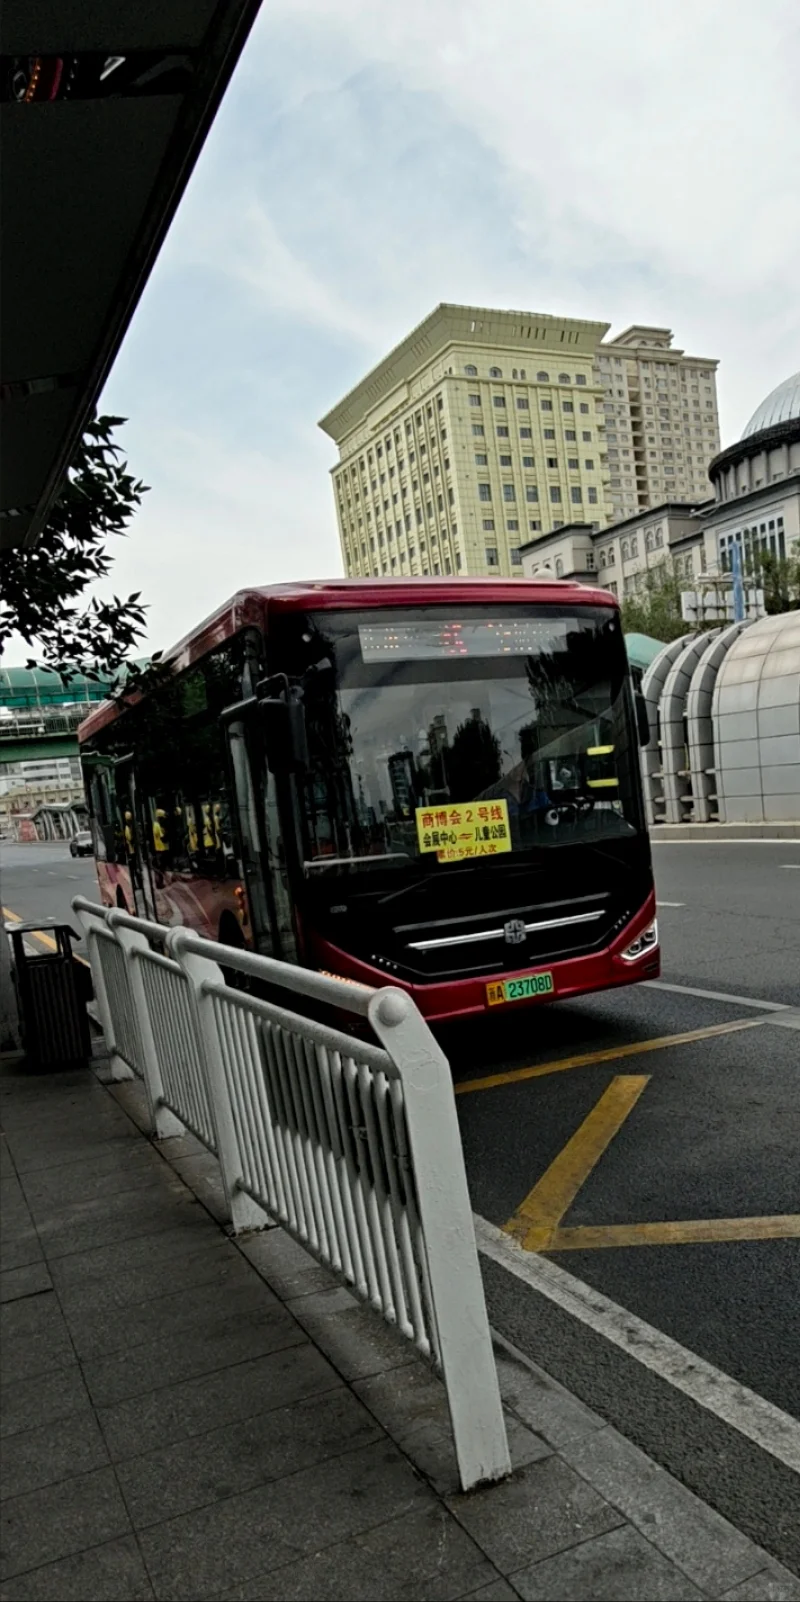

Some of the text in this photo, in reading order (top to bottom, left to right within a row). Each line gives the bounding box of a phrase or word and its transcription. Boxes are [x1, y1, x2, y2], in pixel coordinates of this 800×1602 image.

[423, 824, 507, 848] 会展中心 儿童公园
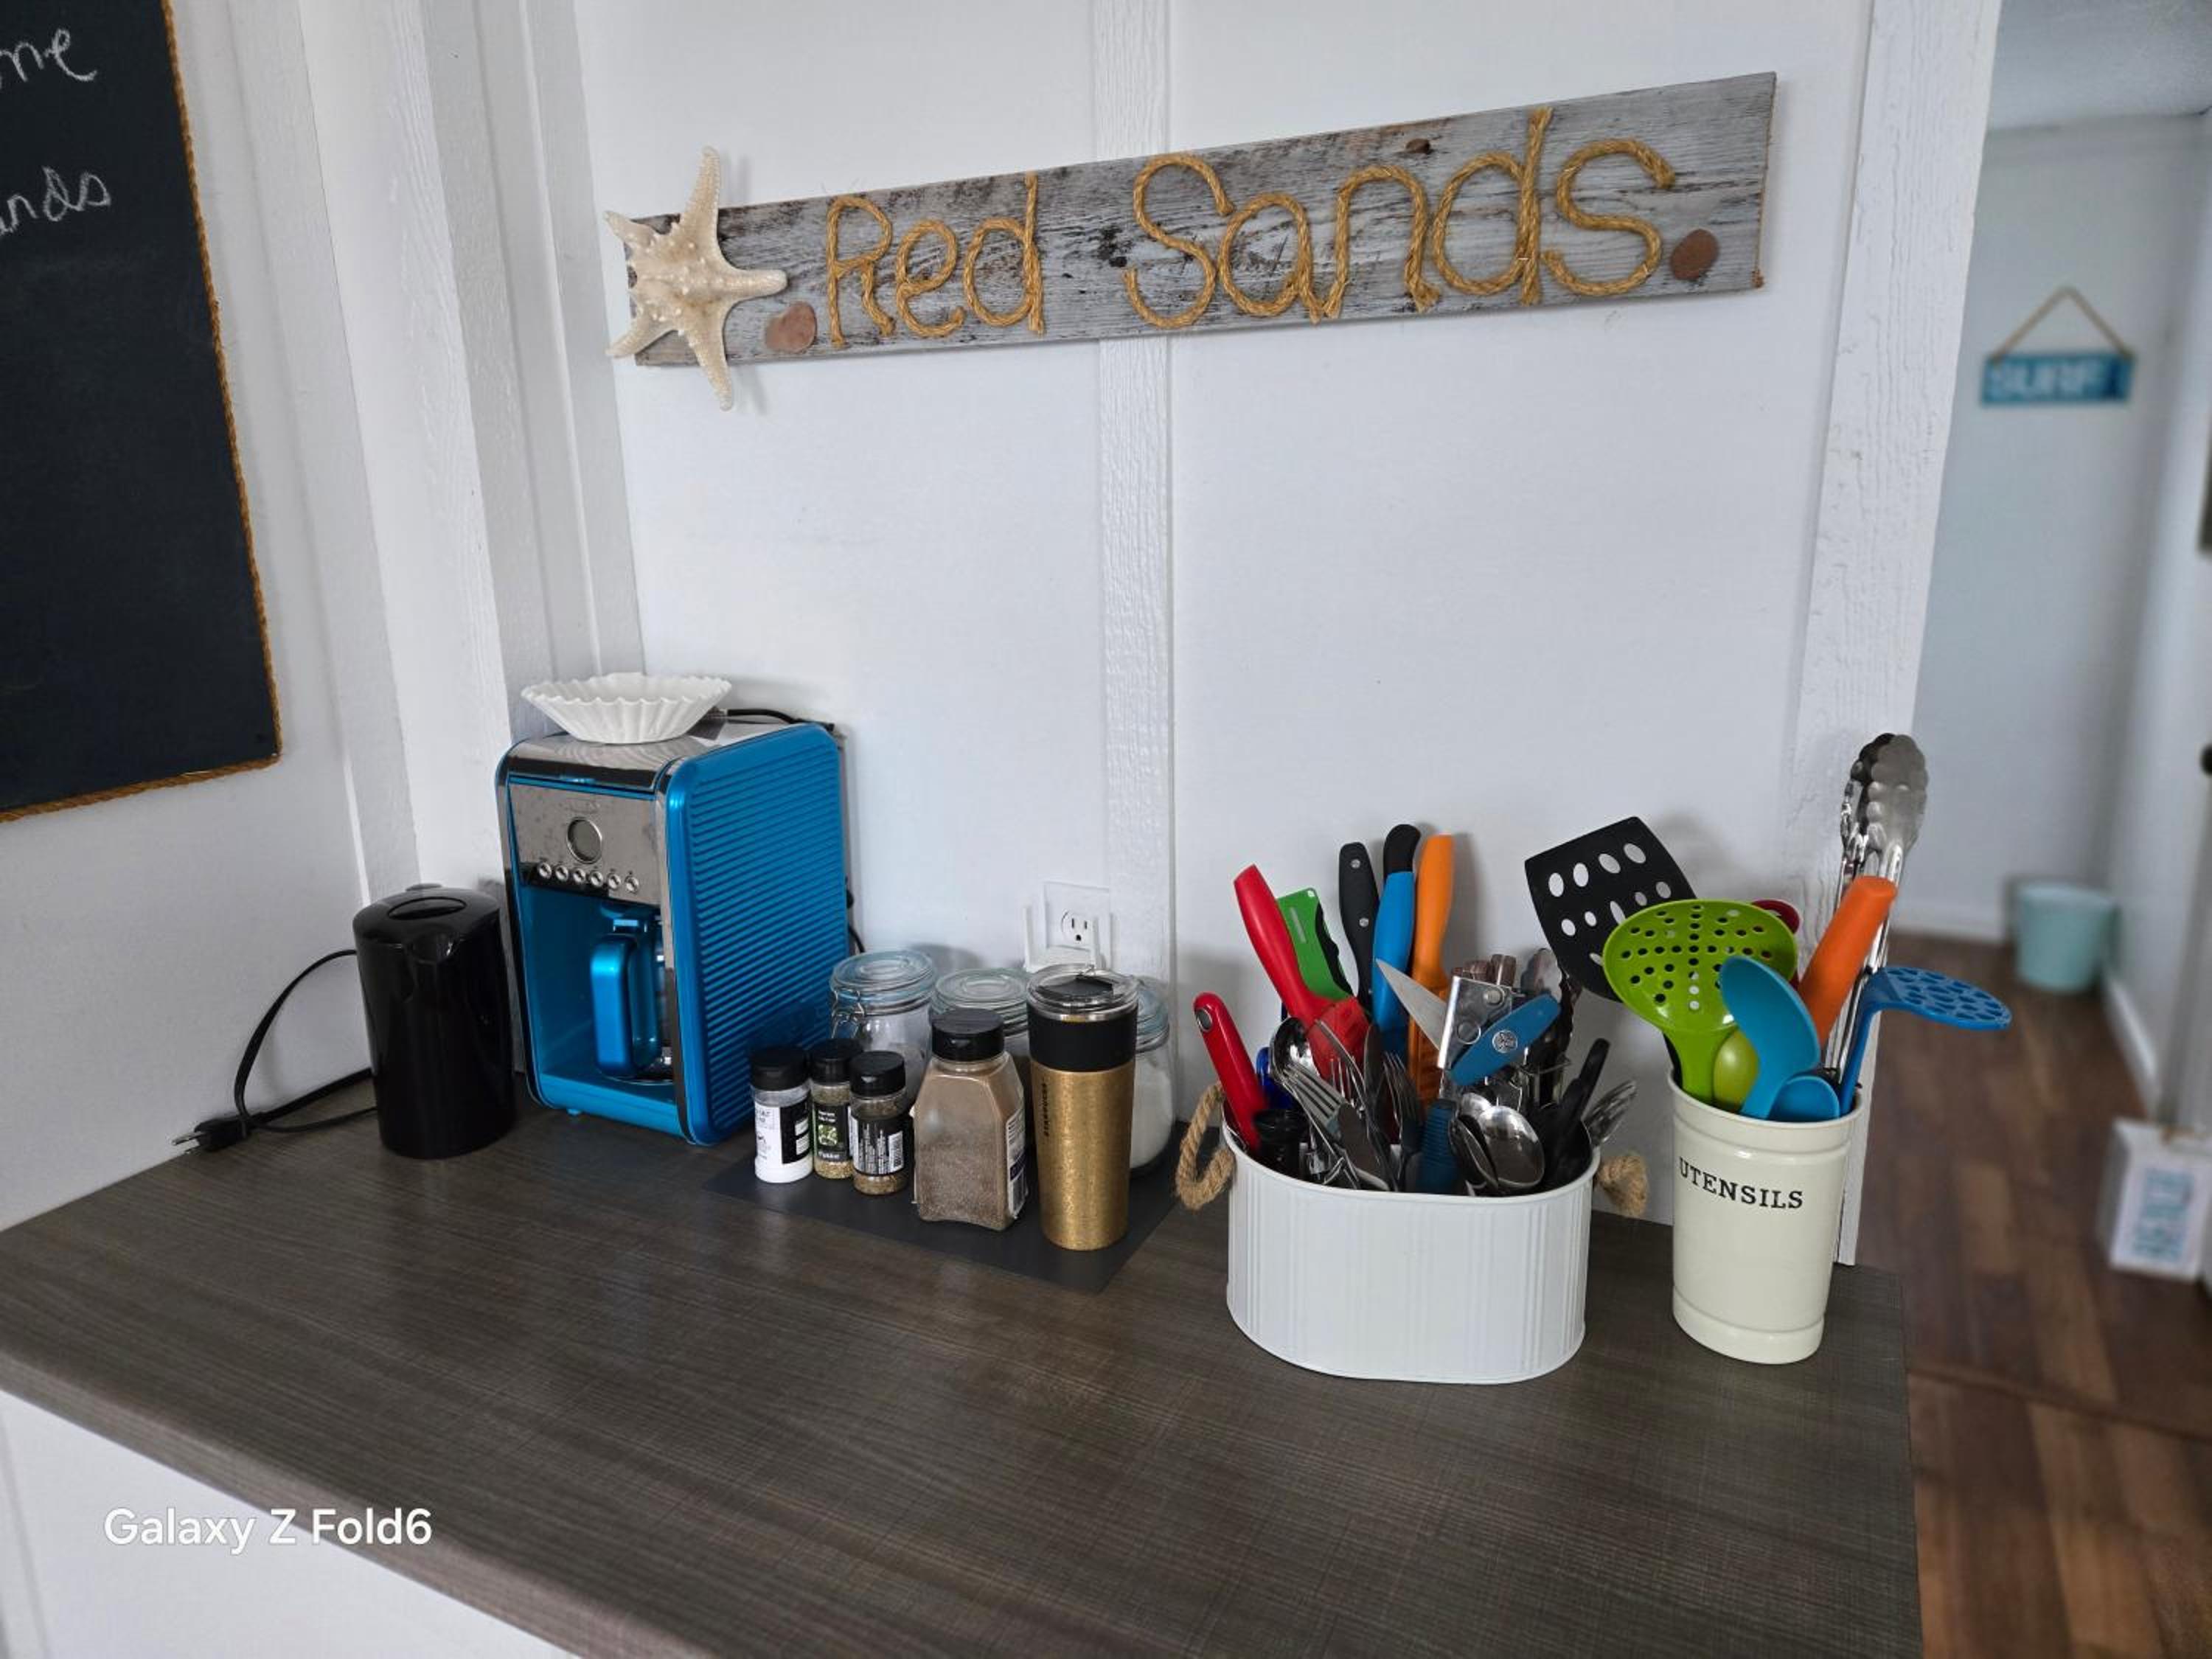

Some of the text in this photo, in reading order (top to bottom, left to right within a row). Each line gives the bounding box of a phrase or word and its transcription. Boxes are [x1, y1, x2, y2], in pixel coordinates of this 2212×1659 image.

[826, 107, 1676, 347] Red Sands
[1679, 1156, 1804, 1209] UTENSILS
———
● **WORK TO BE COMPLETED**
Every line above should be repeated exactly; pictures stay out of the copy.

● **WRITTEN ANSWER**
Some of the text in this photo, in reading order (top to bottom, left to right within a row). Each line gives the bounding box of a phrase or word and its transcription. Boxes are [x1, y1, x2, y2], in pixel coordinates of this 800×1602 image.

[423, 824, 507, 848] 会展中心 儿童公园

Some of the text in this photo, in reading order (top to bottom, left to right within a row). Each line gives the bounding box of a phrase or word and its transcription. Boxes are [x1, y1, x2, y2], in pixel coordinates of this 2212×1659 image.

[826, 107, 1676, 347] Red Sands
[1679, 1156, 1804, 1209] UTENSILS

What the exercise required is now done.